The year was 1912 – Woodrow Wilson won the fall election to become the 28th President of the United States, New Mexico became the 47th state to join the union and the Titanic sank just days after embarking on a historic journey from Queenstown, Ireland to New York. It was also the year Edna Teutsch Arnold was born.
She was born in Cotton Valley on February 27, 1912. Her parents, Sam and Mitty Teutsch, had nine children. Of the five boys and four girls, Edna was the second child born into the family.
The Teutsch family moved to Bossier Parish when Edna was 10 years old. She recalled living on the family’s farm in Plain Dealing and how much she loved every single part of it.
“The farm life is good,” Edna said. “It makes you work when you don’t want to and when you don’t feel like working. I walked five miles in the morning hauling cotton and corn for 50-cents a day. That wasn’t fun, but that’s all we knew. Back then you worked for what you got.”
Edna’s family really did live off the land. They milked their own cows, churned their own butter and hunted fresh meat. They would dry fruit by putting a sheet or cloth on the roof of their home, letting the sun do the work from there.
“My father trapped a lot so we lived off of deer meat, dove, squirrel, raccoon and fish,” Edna said. “He would skin the animal and tack the hide on the barn. Then he would sell them and that’s how we started off, from what I can remember.”
They bought eggs, though, and it cost them a nickel. But Edna said she was happy and her family was happy with the life they lived.
“We were always happy,” she said. “That’s why I always say just be happy regardless of what happens, love people and appreciate what you have.”
Edna attended school in Plain Dealing through the seventh grade. Then she met Edward H. Arnold. They married in December 1929 when Edna was 17 years old.
“I married on a sand bar on the Red River. My brother-in-law run the ferry up there,” she said. “I had to runaway to get married. My father never did like my husband, but I did.

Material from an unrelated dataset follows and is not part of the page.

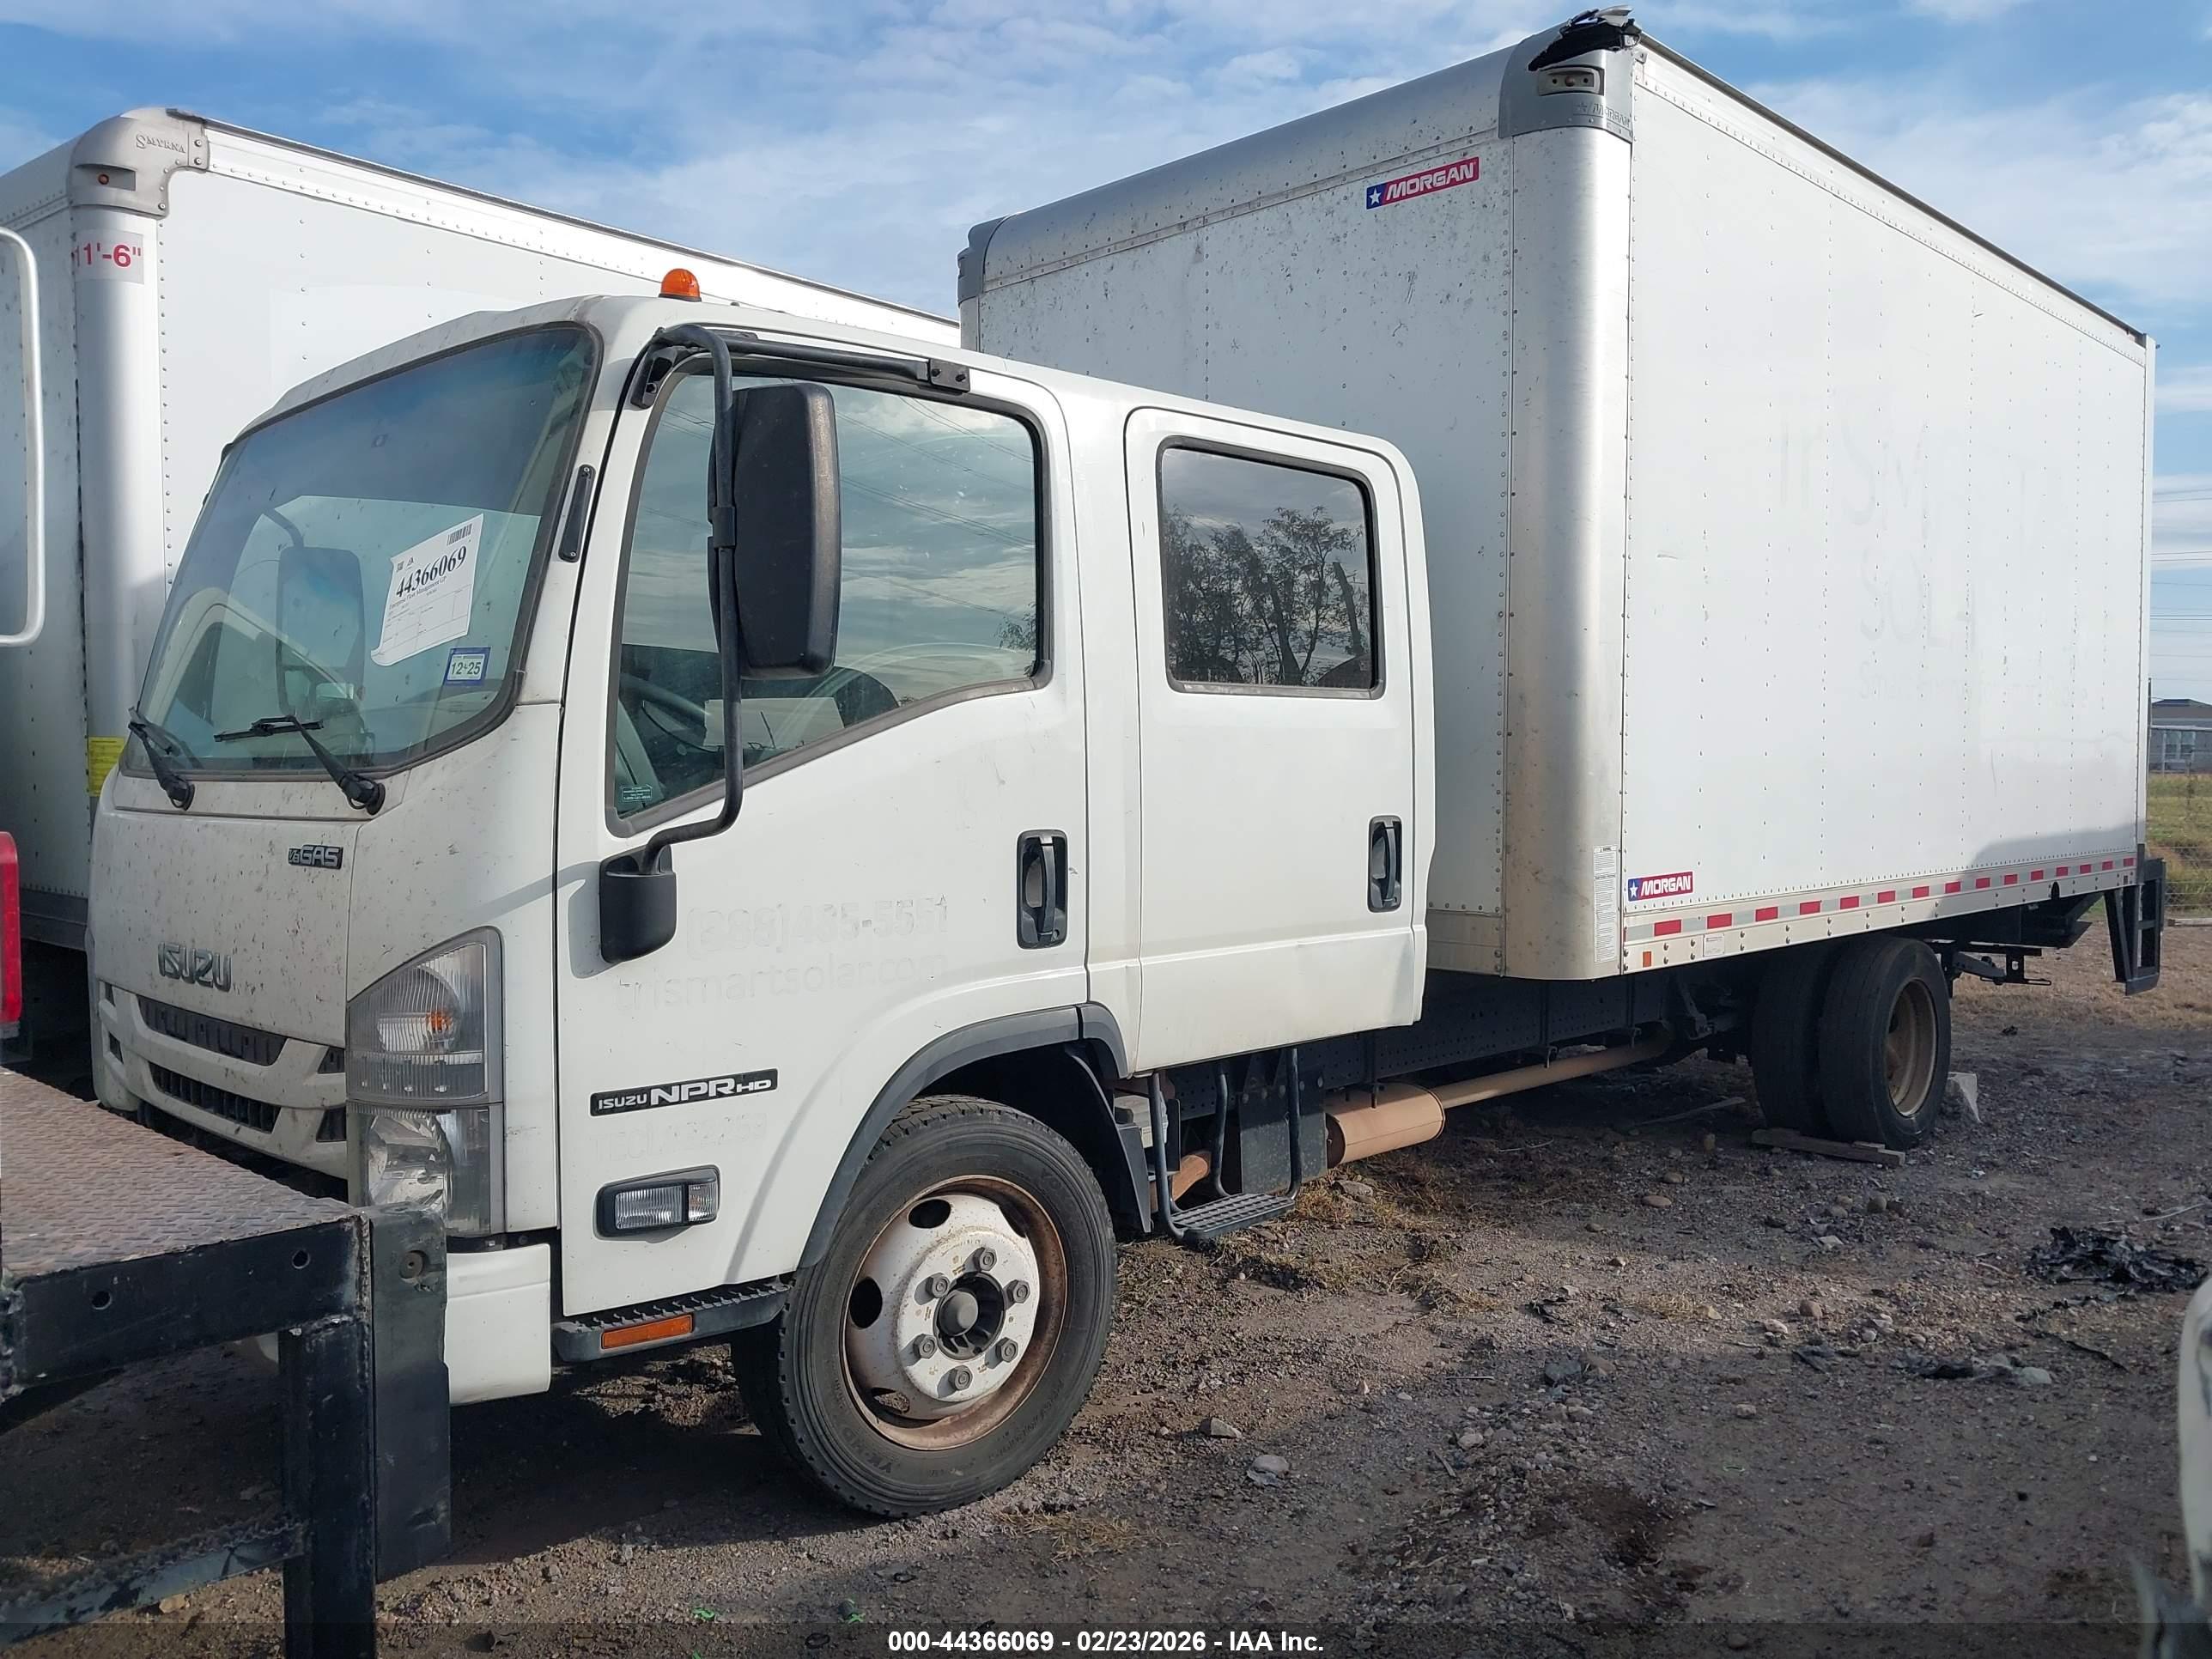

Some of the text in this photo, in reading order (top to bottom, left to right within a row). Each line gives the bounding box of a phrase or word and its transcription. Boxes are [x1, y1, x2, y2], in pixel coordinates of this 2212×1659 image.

That’s all that counted.”
They moved to the Benton area in 1941. The couple had four children together and was happily married for 55 years when Edward passed away from a heart attack.
Over the years, she’s lost three sons, five brothers, two sisters, her mother and her father. Yet, Edna still has a positive outlook on life.
“You don’t get over that, but you don’t grieve all the time. Life is what you make it,” she explained. “Whether you are sick or not, life is what you make it. I think I have made my life a pretty good life. I still love living.”
One of Edna’s favorite things in life is making quilts and piece quilting, a skill she learned from her mother and grandmother.
“They used to light a little lantern and move it around the quilt to see at night,” she recalled.
She also loved being outside and working in the garden, planting and harvesting potatoes, string beans, peas and corn.
Edna lived alone until about a year ago. She now lives with her daughter, Margene Yagel, in Haughton.
Edna has 13 grandchildren and seven great grandchildren. There are three sets of five generations, all living, in her family.
Being 103 years old, Edna’s memory of the past is still vivid and fresh. The part of life she cherishes most is her family and her memories of the old days.
“A lot of times I get to thinking about what has happened in my life. And I want to cry sometimes, but I have lived a happy life,” she said. “I’ve had my ups and downs, but still I feel alright. And I’ll be alright as long as I live. We have a good Lord.”